(Saved data entries)
════════════════════

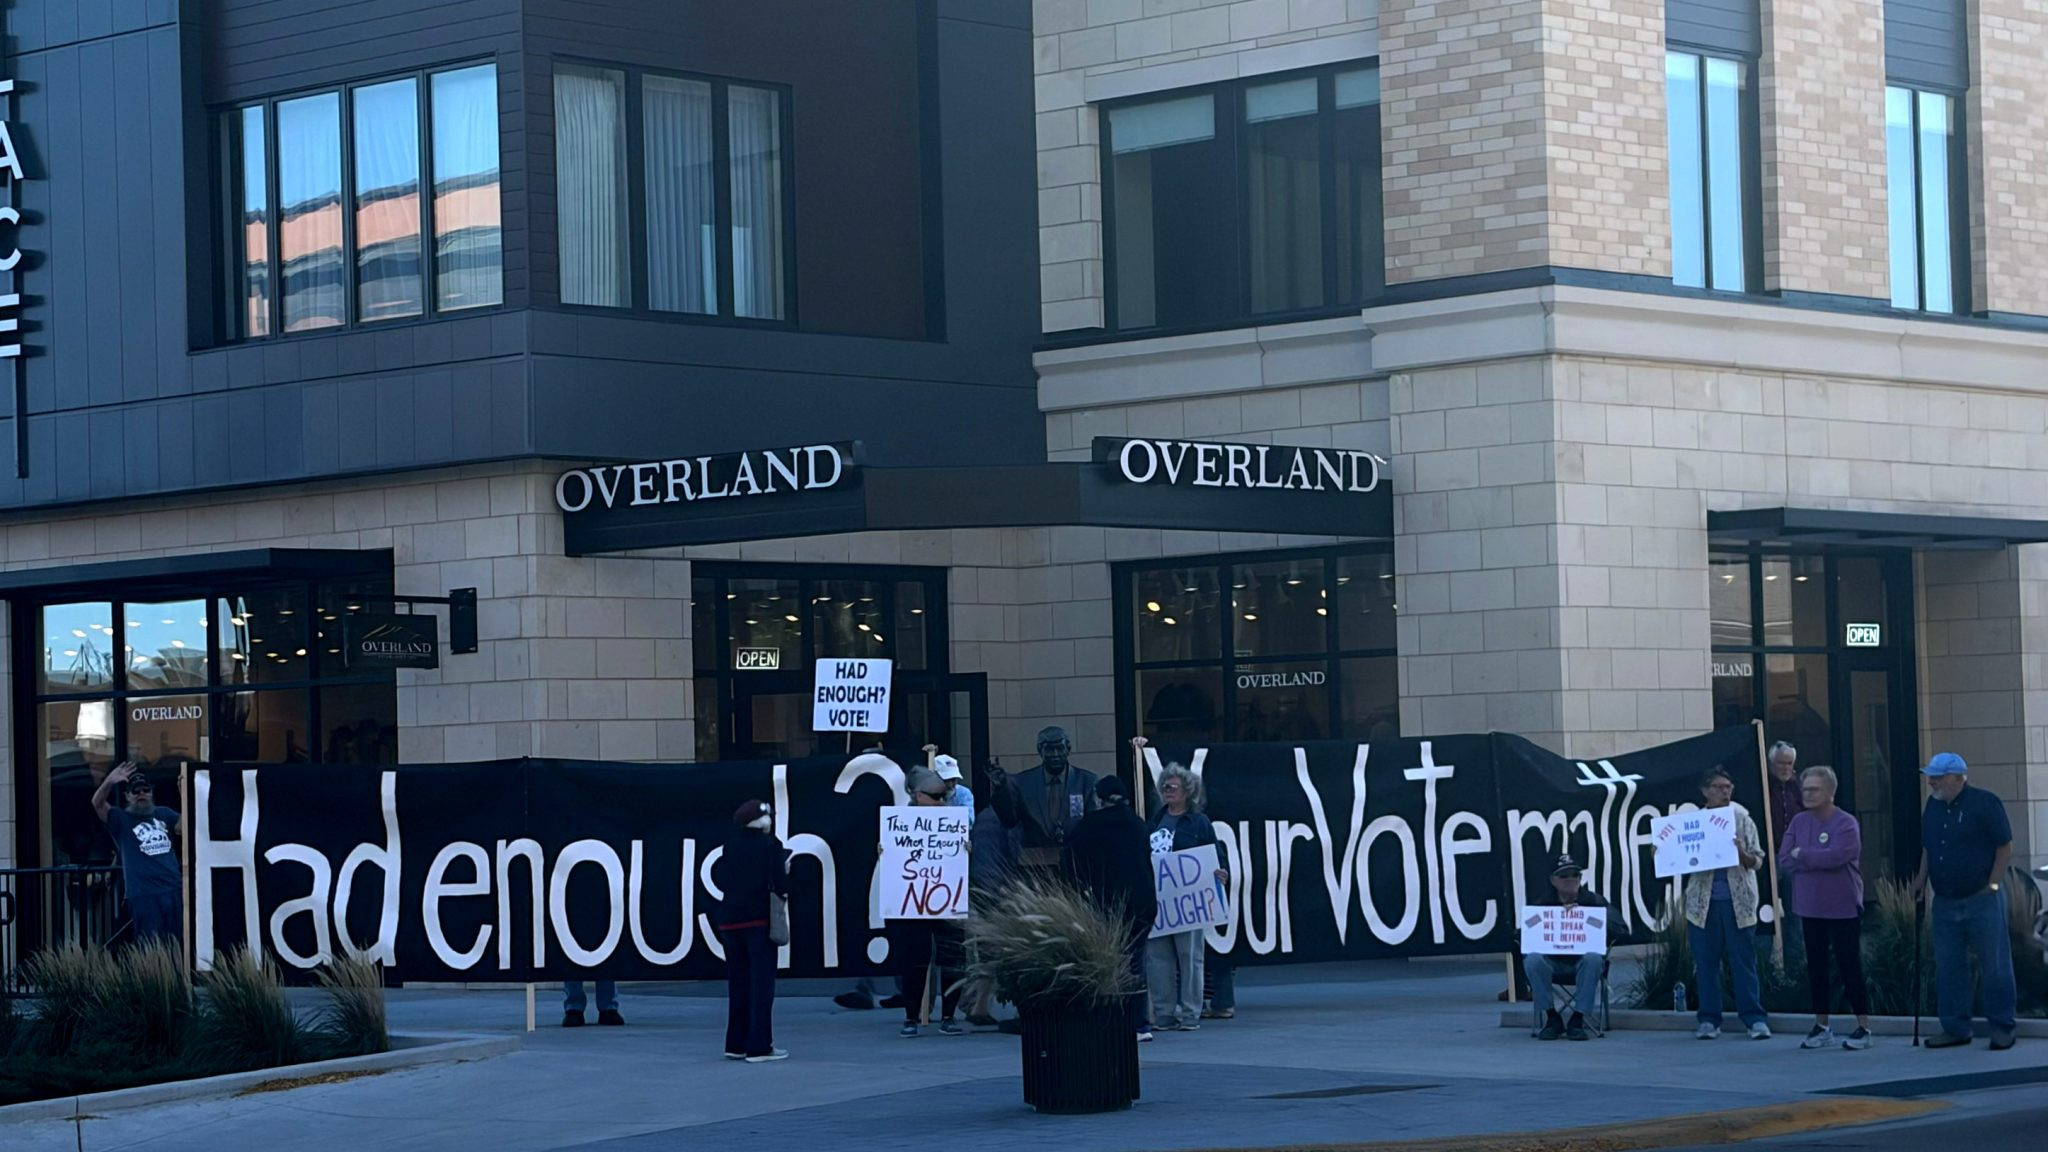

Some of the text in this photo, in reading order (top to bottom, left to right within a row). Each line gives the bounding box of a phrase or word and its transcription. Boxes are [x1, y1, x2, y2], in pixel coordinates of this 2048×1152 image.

[1120, 439, 1379, 492] OVERLAND
[555, 444, 842, 512] OVERLAND
[1849, 628, 1878, 643] OPEN
[361, 640, 432, 653] OVERLAND
[740, 651, 776, 667] OPEN
[835, 662, 868, 679] HAD
[1236, 671, 1325, 689] OVERLAND
[817, 685, 886, 704] ENOUGH?
[132, 705, 203, 722] OVERLAND
[828, 709, 870, 727] VOTE!
[886, 814, 967, 834] This All Ends
[894, 834, 924, 848] When
[194, 769, 401, 971] Had
[1294, 741, 1498, 945] Vote
[901, 858, 943, 884] Say
[1157, 854, 1202, 892] AD
[900, 876, 963, 916] NO!

════════════════════

▶ _What you have to do_:
Restate each entry exactly, omitting pictures.

▶ _Solution to the problem_:
Some of the text in this photo, in reading order (top to bottom, left to right within a row). Each line gives the bounding box of a phrase or word and its transcription. Boxes are [x1, y1, x2, y2], in pixel coordinates of this 2048×1152 image.

[1120, 439, 1379, 492] OVERLAND
[555, 444, 842, 512] OVERLAND
[1849, 628, 1878, 643] OPEN
[361, 640, 432, 653] OVERLAND
[740, 651, 776, 667] OPEN
[835, 662, 868, 679] HAD
[1236, 671, 1325, 689] OVERLAND
[817, 685, 886, 704] ENOUGH?
[132, 705, 203, 722] OVERLAND
[828, 709, 870, 727] VOTE!
[886, 814, 967, 834] This All Ends
[894, 834, 924, 848] When
[194, 769, 401, 971] Had
[1294, 741, 1498, 945] Vote
[901, 858, 943, 884] Say
[1157, 854, 1202, 892] AD
[900, 876, 963, 916] NO!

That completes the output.